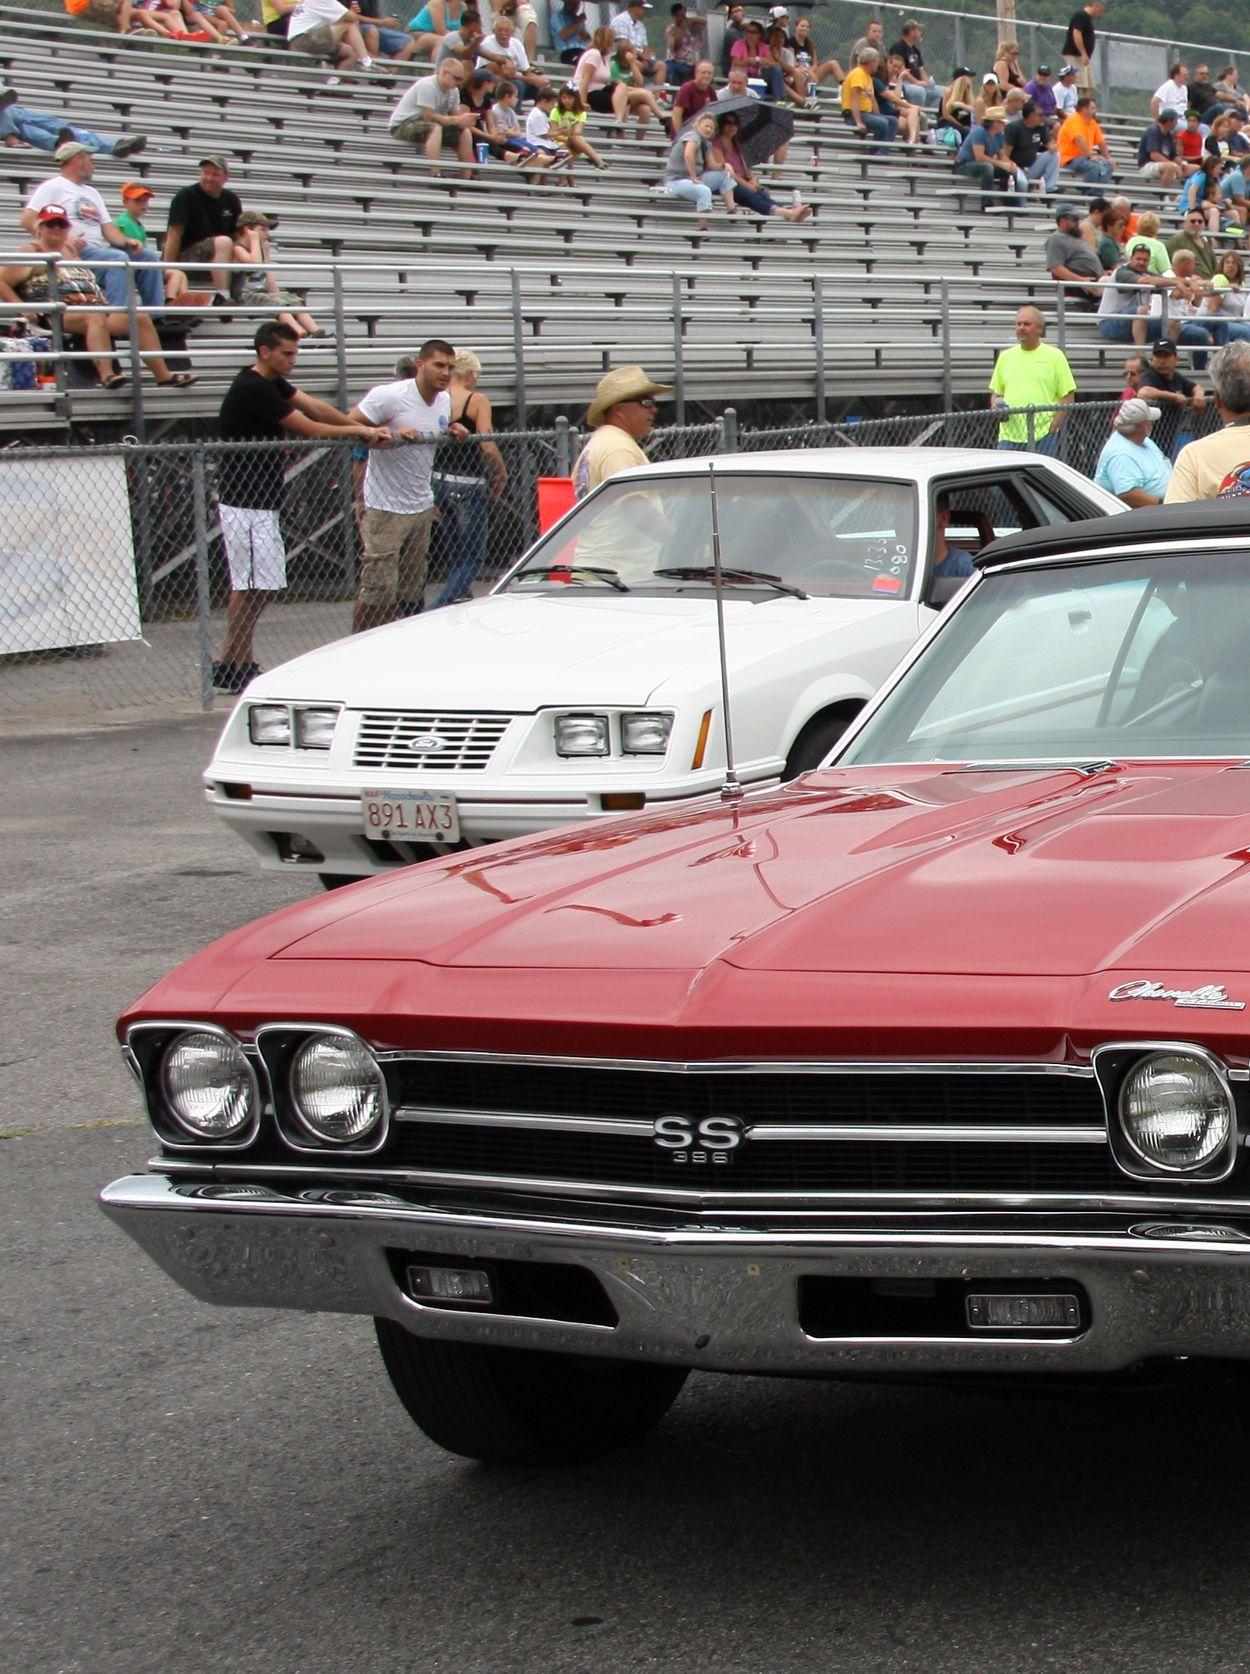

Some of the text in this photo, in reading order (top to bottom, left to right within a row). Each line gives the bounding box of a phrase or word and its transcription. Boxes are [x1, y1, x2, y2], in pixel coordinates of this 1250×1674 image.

[368, 802, 452, 829] 891 AX3
[1108, 979, 1229, 1002] Chevelle
[654, 1115, 740, 1150] SS
[671, 1150, 729, 1164] 396
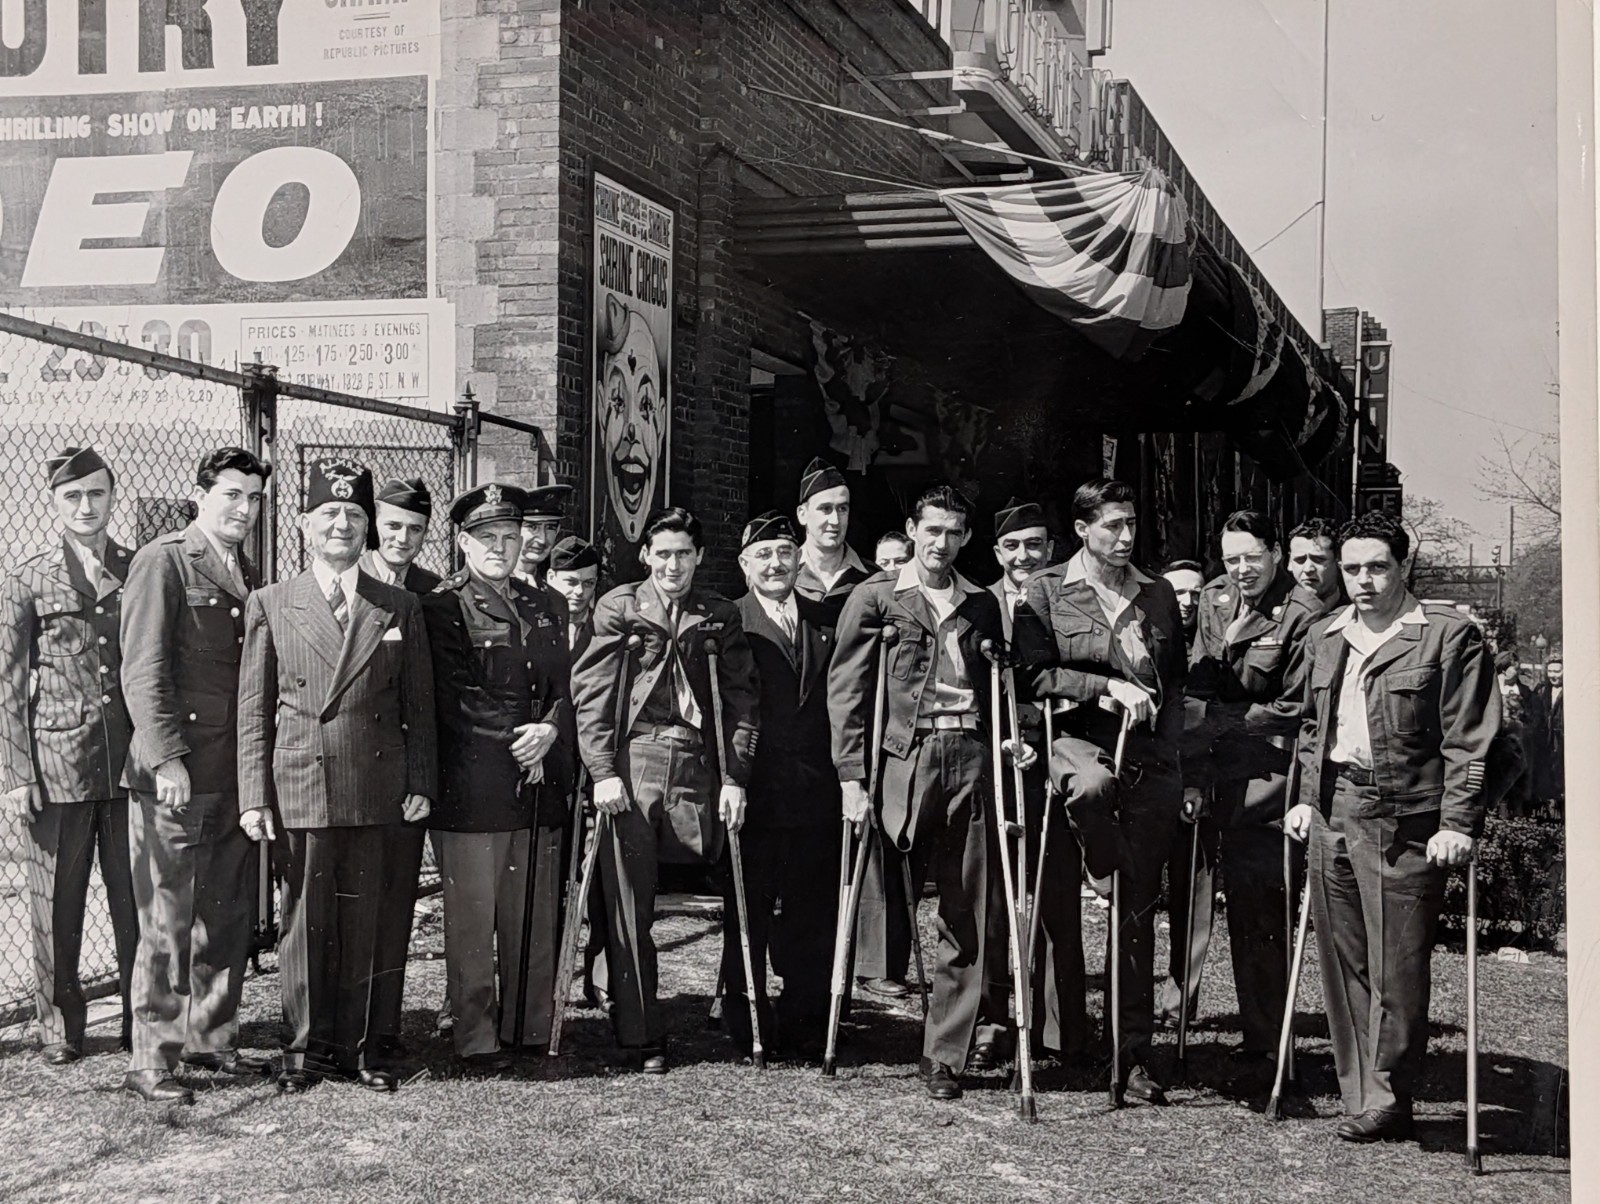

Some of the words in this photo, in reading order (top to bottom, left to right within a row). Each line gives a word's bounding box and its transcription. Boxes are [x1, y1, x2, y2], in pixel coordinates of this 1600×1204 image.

--- Problem description ---
Exact copy, no images: rewrite the entire listing above.

--- Solution to this problem ---
Some of the text in this photo, in reading order (top to bottom, left to right within a row). Each line gives the bounding box of a phrase or word and its transcription. Boxes are [x1, y1, x2, y2], in pixel coordinates of this 1250×1674 image.

[368, 802, 452, 829] 891 AX3
[1108, 979, 1229, 1002] Chevelle
[654, 1115, 740, 1150] SS
[671, 1150, 729, 1164] 396

Some of the words in this photo, in reading order (top to bottom, left to right within a row). Each line gives a word's bounding box and its transcription. Boxes are [x1, y1, x2, y2], in pixel coordinates of this 1600×1204 image.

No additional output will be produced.